Kongrede vergi artışından ziyade kamu harcamalarının azaltılması politikası taraftarları, Trump'ın bu hamlesine muhalefet etmeyecektir. Zira vergi oranını yüzde 20'ye indirerek getirinin neredeyse yarısının kaybı, faiz oranlarını belli bir düzeyde tutup yatırım teşvikleriyle birlikte  milli gelirin yüzde 1'inden daha az bir kayıp yaratacak. 

 

Öte yandan Trump, ileri dönemdeki kârları ülke içinde tutmak için, ülke dışındaki sermayenin gelişi karşılığında yalnızca bir seferliğine yüzde 10 vergi almayı amaçlıyor. Bu durum, ülkeye geri dönmesi beklenen sermayeden ve kısa dönemdeki gelir kaybından daha fazlasına mal olabilir.
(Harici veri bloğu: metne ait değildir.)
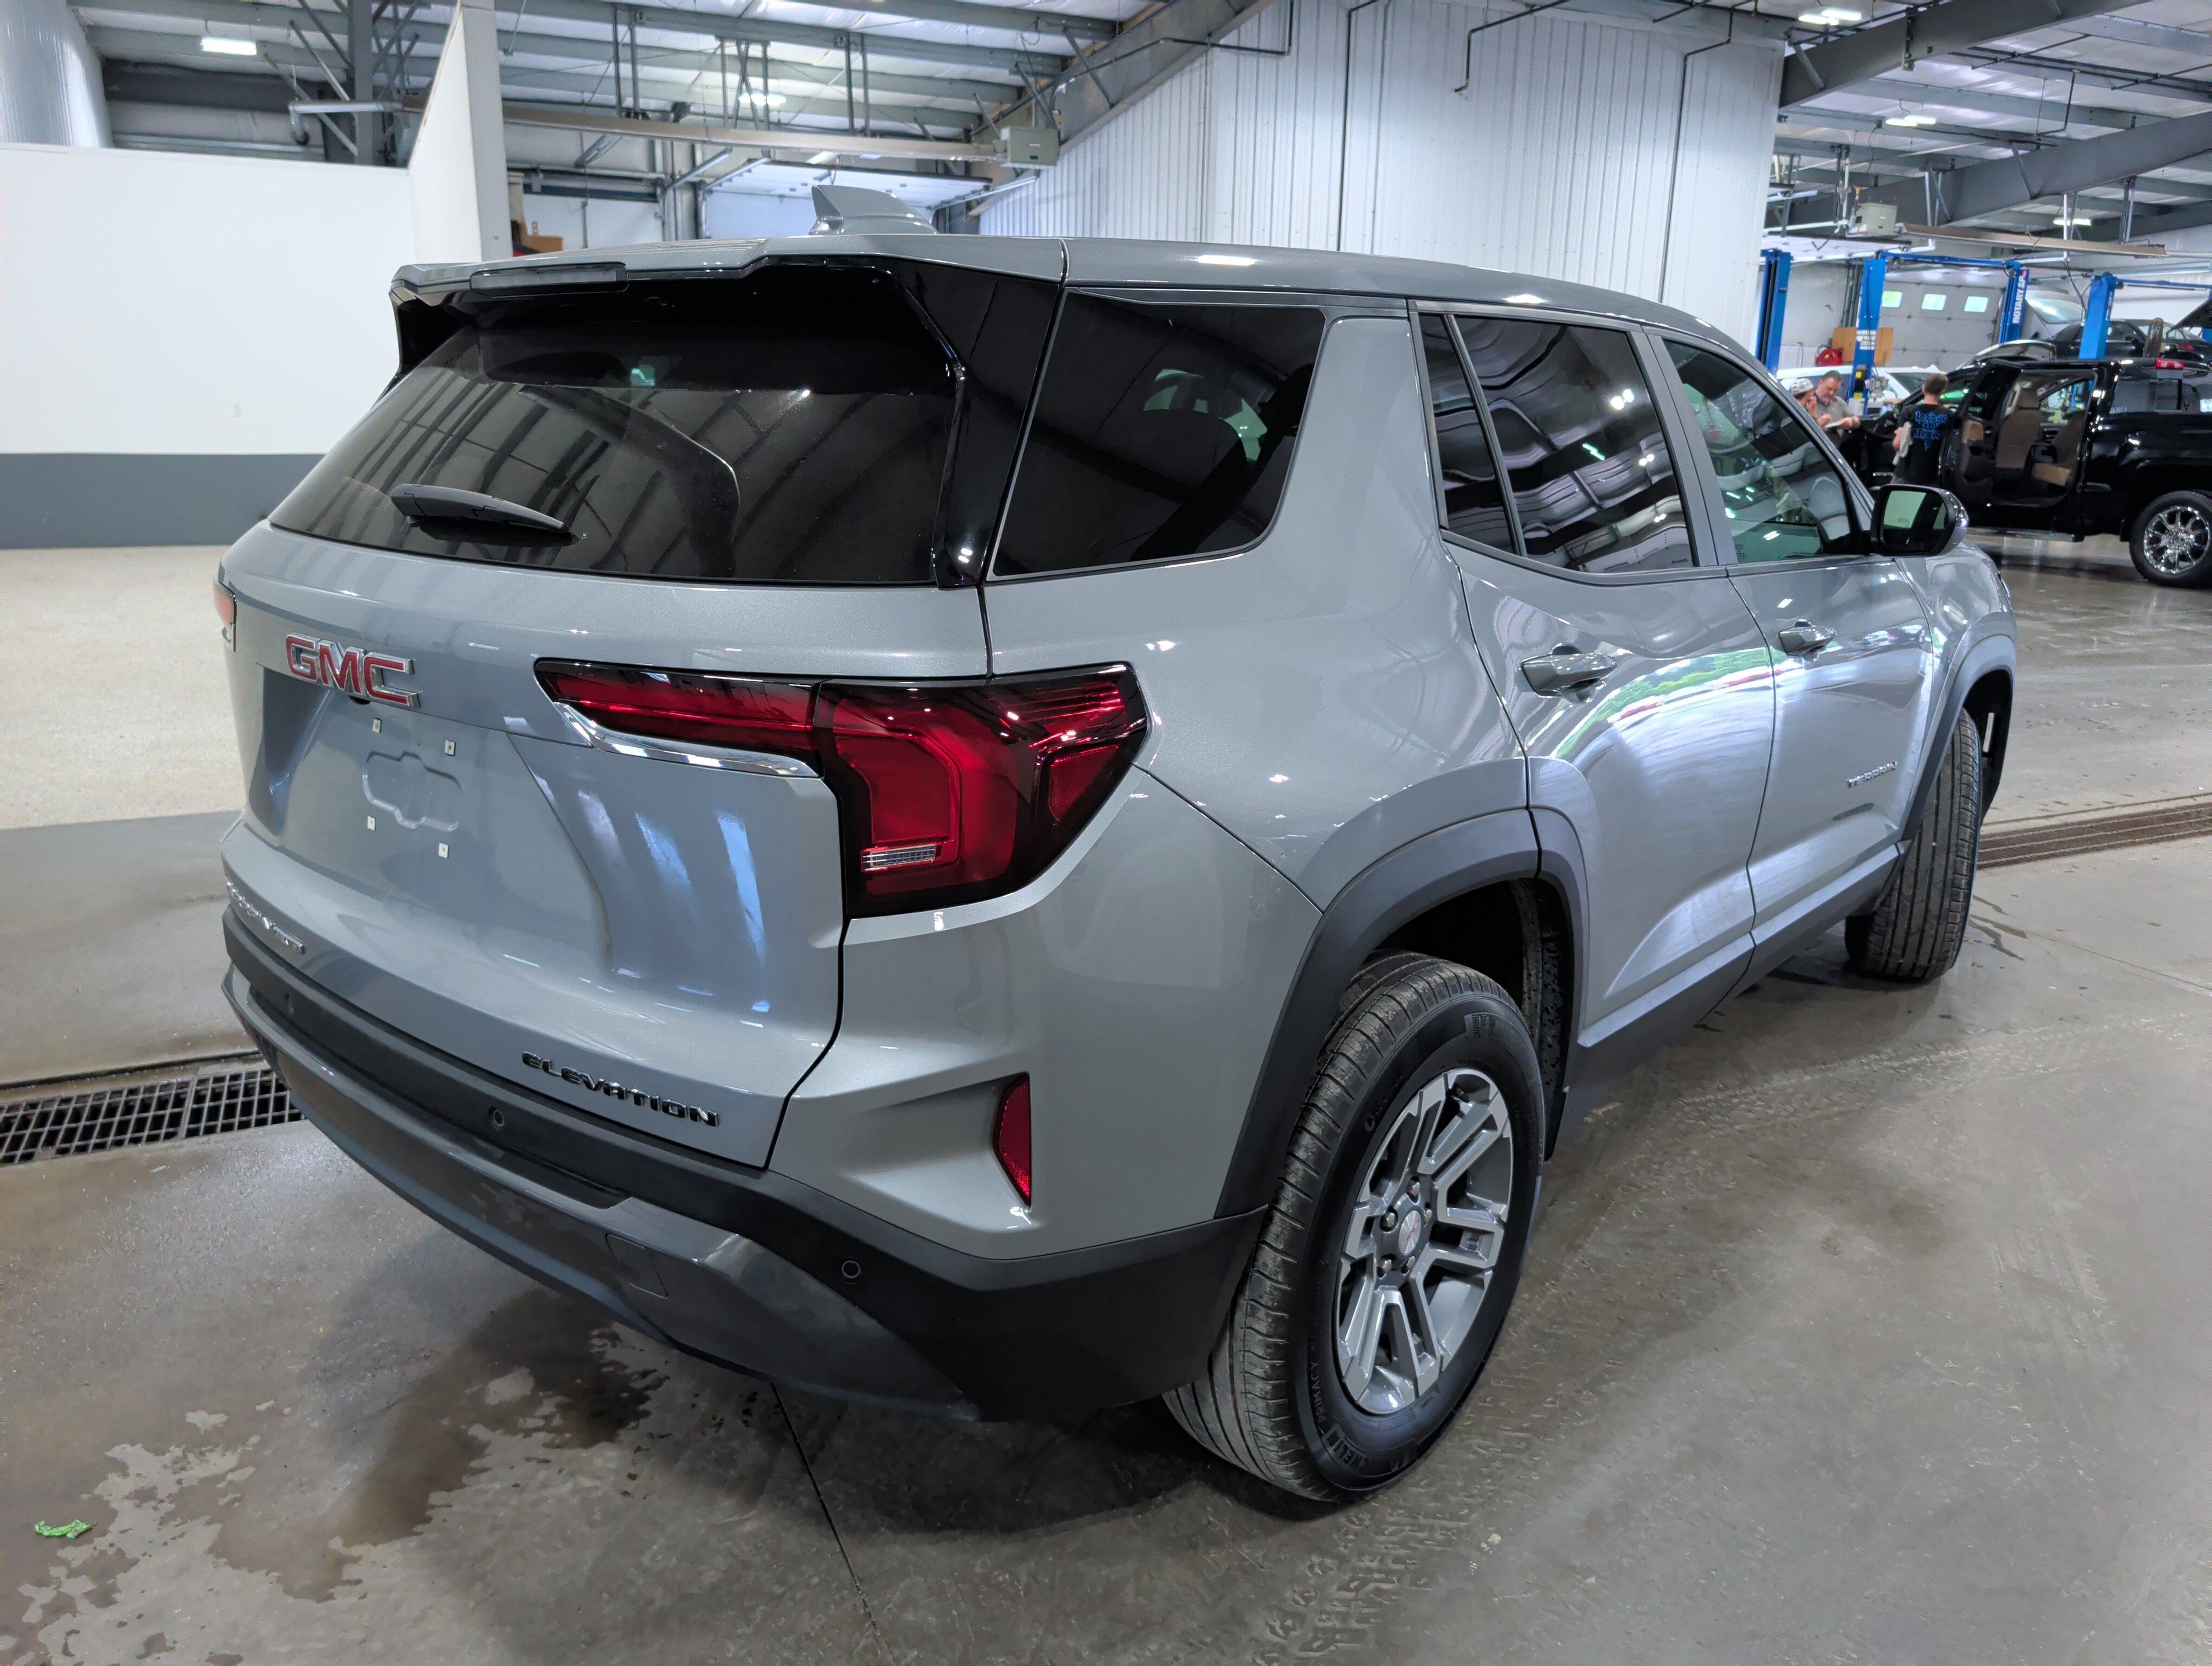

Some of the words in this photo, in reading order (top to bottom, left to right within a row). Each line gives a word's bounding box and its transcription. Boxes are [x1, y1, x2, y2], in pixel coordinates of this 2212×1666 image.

Dolayısıyla, piyasaların umduğu gibi kısa dönemli uyarıcı bir maliye politikasından söz edemeyiz.

 

Piyasalardaki Talep Sorunu


Kurumlar vergisini bir kenara koyarsak, piyasaların asıl sorunu ürünlere olan talepsizlik. Trump’ın bir diğer önerisi olan zenginlere vergi indirimi de bu noktada bir çözüm önerisi sunmuyor.  En yüksek gelir vergisini yüzde 39.5’dan yüzde 33’e çekmenin üst sınıfa getireceği yarar ekonomiye geri dönmez ise bu durum sadece var olan eşitsizliği arttırmaya yarayacak. Bu durumda bütçe açığını dengelemek ise Trump yönetimine düşen en büyük görevlerden biri olacaktır.

 

Şahsi Gelir Vergisi

 

Trump’ın bir diğer önerisi yurtdışından ABD’ye dönen şirketlere tek seferlik yüzde 10 vergi uygulaması. Önerinin karşılık bulmaması durumunda bütçe açığının yükselmesi Kongre’deki bazı cumhuriyetçilerin tepkisine neden olabilir. Bu noktada gelebilecek bir diğer öneri ise şahsi gelir vergisini hayata geçirmek için kesinti ve muafiyet uygulamaları.

 

Fakat ABD’deki güçlü lobiler göz önüne alındığında çıkar çatışmalarının nasıl sonuçlanacağı soru işareti. Sonuç olarak, kurumlar vergisi reformu, şahsi gelir reformundan daha olası görünüyor. Öte yandan Obamacare sübvansiyonlarının terk edilmesi, sağlık sektörünün özelleştirilmesi, yoksullar için sağlık yardımı gibi reformlar tüketimi arttırmada önemli bir rol oynayabilir.

 

Kongredeki Cumhuriyetçiler Altyapı Harcamaları Konusunda Şüpheci

 

Hedeflenen politikalar gerçekleşirse yüksek marjinal tüketim eğilimine sahip işçi sınıfının kullanılabilir geliri düşerken düşük marjinal tüketim eğilimine sahip zengin sınıfının kullanılabilir geliri artış gösterecek. Bu durumda ekonomiyi harekete geçirecek toplam tüketimin büyük olması ihtimal dışı görünüyor.

 

Bütçe açığını birincil öncelik olarak benimseyen bazı cumhuriyetçiler ise önümüzdeki 5 yıl boyunca 1 trilyon dolarlık altyapı harcaması yapmayı planlayan açıklamalar noktasında şüpheci davranıyor. Vergi indirimi uygulanan şirketlerin altyapı çalışmalarını finanse etme ihtimaline şirketlerin nasıl tepki vereceği ise belirsizliğini koruyor. İşsizlik seviyelerinin de yüzde 5’in altına indiği ABD’de Trump yönetimi altında ABD’de kısa vadede kısıtlı bir mali genişleme yaşanacağı şüphesiz.

 

Tarih Kendini Tekrar Eder Mi? Reagan Dönemi

 

Hedeflenen politikalar hayata geçirildiğinde mali genişlemenin güçlü olması durumunda ABD’yi neler bekliyor? Başkan Ronald Reagan döneminde yaşanan büyük vergi indirimi bizler için emsal teşkil etmekte. O dönemde uygulanan vergi indiriminin en önemli etkisi dolardaki değer artışı olmuştu.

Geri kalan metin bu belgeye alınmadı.